Runtime budget control and tool-call reliability for AI agents
Hard spend caps · Real LLM cost tracking · Tool validation · Response verification · Shared multi-agent budgets · Tracing and tests
pip install awesome-agentguard
Quick Start
Start with the two things teams actually need in production: keep runs inside budget and make tool calls trustworthy.
import os
from openai import OpenAI
from agentguard import TokenBudget, guard
from agentguard.integrations import guard_openai_client
# 1. Put a hard cap on model spend
budget = TokenBudget(max_cost_per_session=5.00, max_calls_per_session=100)
client = guard_openai_client(
OpenAI(api_key=os.getenv("OPENAI_API_KEY")),
budget=budget,
)
# 2. Guard the tools your agent depends on
@guard(validate_input=True, verify_response=True, max_retries=2)
def search_web(query: str) -> dict:
return requests.get(f"https://api.search.com?q={query}").json()
Use @guard with no arguments for basic wrapping, then layer in budgets and response profiles as your agent gets more expensive or more critical.
Installation
Install agentguard from PyPI:
pip install awesome-agentguard
Optional Dependencies
pip install awesome-agentguard[all] # OpenAI + Anthropic + LangChain integrations
pip install awesome-agentguard[costs] # LiteLLM-backed real LLM cost tracking
pip install awesome-agentguard[rich] # Rich terminal output
Requirements: Python 3.10+ · Only core dependency: pydantic>=2.0.
Want the full technical documentation, API reference, and deeper guides?
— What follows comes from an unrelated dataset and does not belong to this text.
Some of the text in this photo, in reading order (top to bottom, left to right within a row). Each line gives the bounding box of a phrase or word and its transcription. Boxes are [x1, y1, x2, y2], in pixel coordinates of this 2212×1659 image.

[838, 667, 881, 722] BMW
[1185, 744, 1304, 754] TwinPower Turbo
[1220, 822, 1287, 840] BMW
Visit the detailed docs at rigvedrs.github.io/agentguard/.
Features
Why This Shape
agentguard is pitched around two problems teams feel first in production: runaway spend and untrustworthy tool execution. The verification engine is a big part of the second problem, and it is backed by a substantial research base.
- Latency-as-proof — What it is: use runtime as a sanity check (a real network/database call can’t consistently finish in ~0–2ms). Why: catches “tool-result hallucinations” early when a tool claims it ran but the timing makes that basically impossible.
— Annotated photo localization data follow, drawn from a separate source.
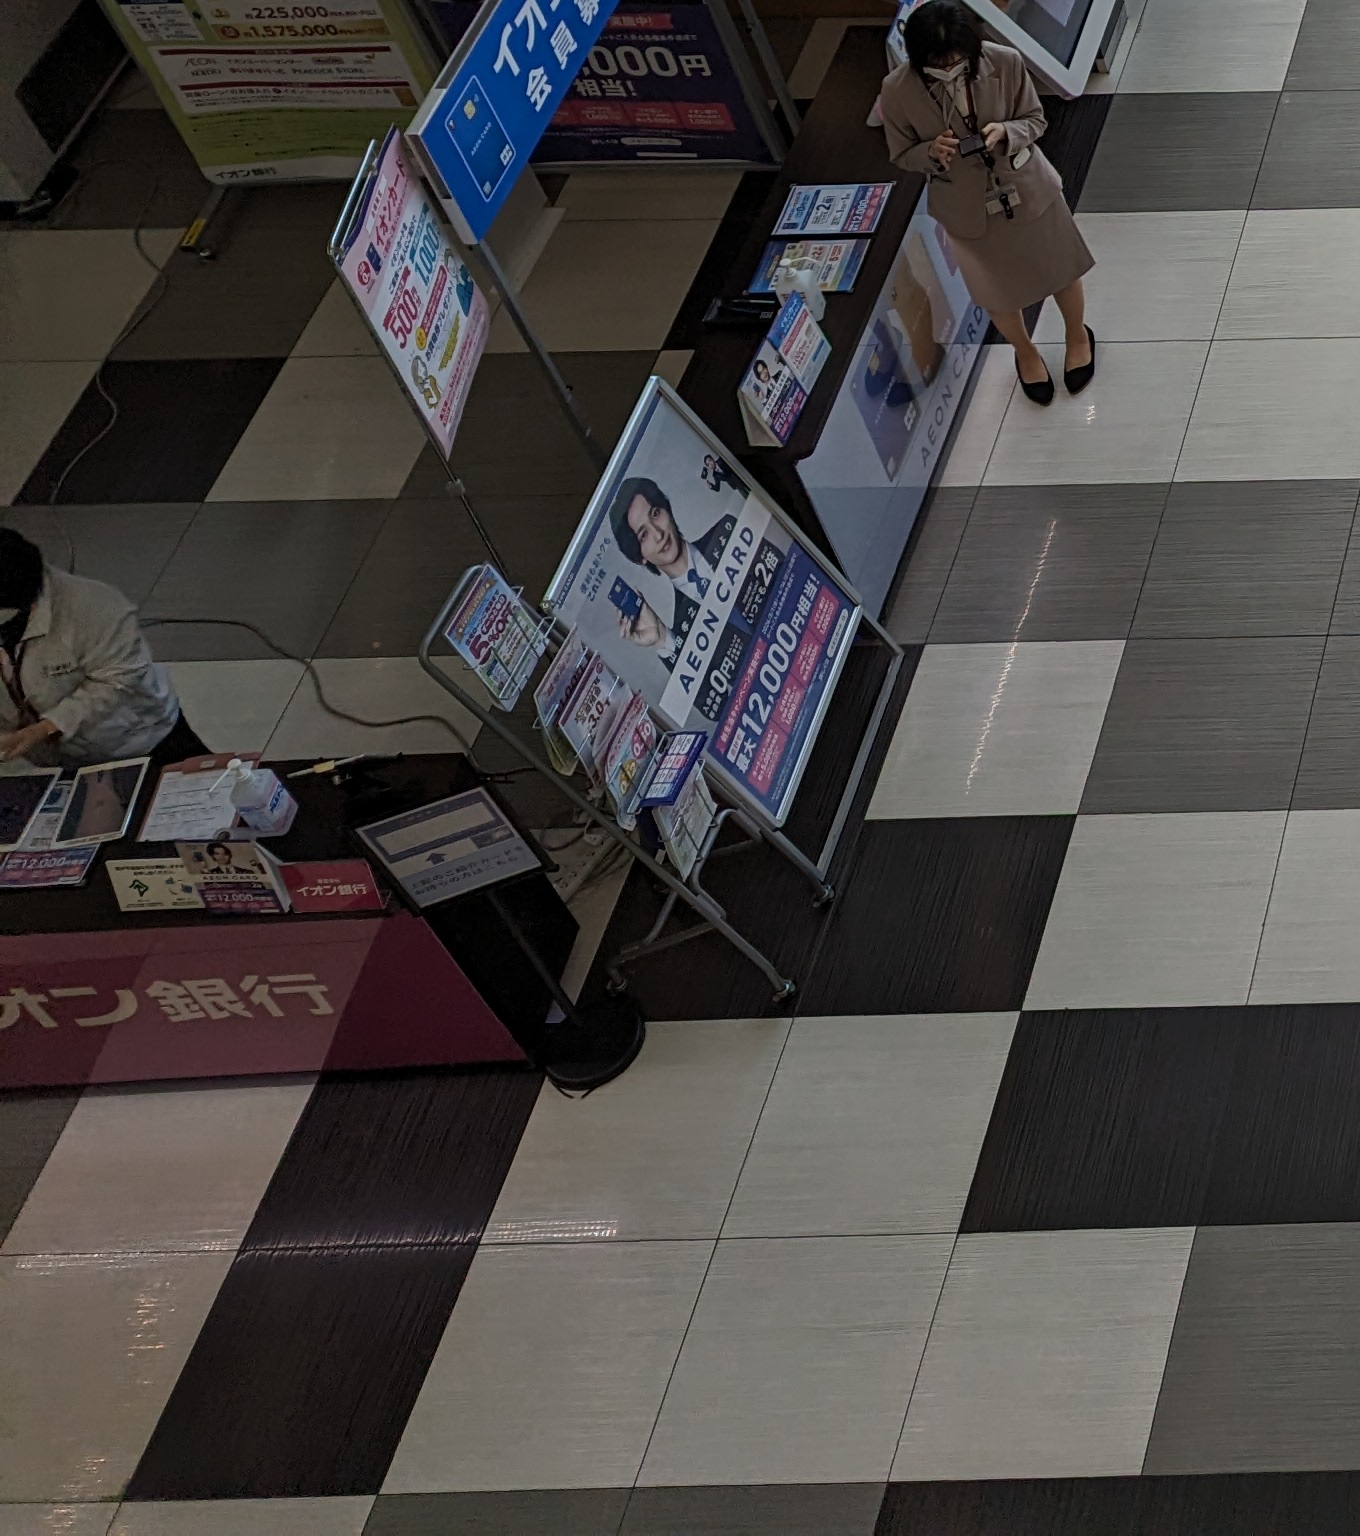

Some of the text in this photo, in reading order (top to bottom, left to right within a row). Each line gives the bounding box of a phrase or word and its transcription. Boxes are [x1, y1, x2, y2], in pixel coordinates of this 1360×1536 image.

[215, 167, 276, 178] イオン銀行
[921, 306, 984, 468] AEON CARD
[680, 613, 722, 695] AEON
[714, 524, 756, 605] CARD
[295, 883, 368, 898] イオン銀行
- Log-odds Bayesian fusion — What it is: convert each weak signal (latency, schema validity, past accuracy, etc.) into a log-likelihood ratio, then add them up. Why: combining evidence becomes stable and interpretable (each signal contributes a clear “push” toward trust or distrust).
- Western Electric SPC rules — What it is: classic Statistical Process Control heuristics (a small set of rules) for spotting when a metric’s behavior shifts. Why: detects regressions like “this tool suddenly got flaky” without needing a perfect model of the tool.
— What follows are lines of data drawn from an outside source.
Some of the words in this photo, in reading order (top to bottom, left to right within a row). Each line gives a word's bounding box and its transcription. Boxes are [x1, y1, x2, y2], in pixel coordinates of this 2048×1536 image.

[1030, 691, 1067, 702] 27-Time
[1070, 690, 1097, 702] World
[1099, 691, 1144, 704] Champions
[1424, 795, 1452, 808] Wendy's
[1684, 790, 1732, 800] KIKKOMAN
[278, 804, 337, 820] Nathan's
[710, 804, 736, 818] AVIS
- Cross-session consistency — What it is: compare today’s tool outputs to historical outputs for the same tool + args pattern. Why: flags surprising deviations (often a bug, stale data, or fabrication) when the “same question” starts returning incompatible answers.
- Adaptive thresholds — What it is: update decision thresholds over time with an Exponential Moving Average (EMA) from real feedback. Why: reduces false alarms and improves detection as your environment changes (new infra, new data, new models).
Framework Support
Works with every major AI framework and provider out of the box, while keeping one consistent runtime layer for both budget control and tool-call safety.
agentguard also supports real response-based LLM cost tracking for OpenAI, Anthropic, and OpenAI-compatible providers via optional LiteLLM-backed pricing.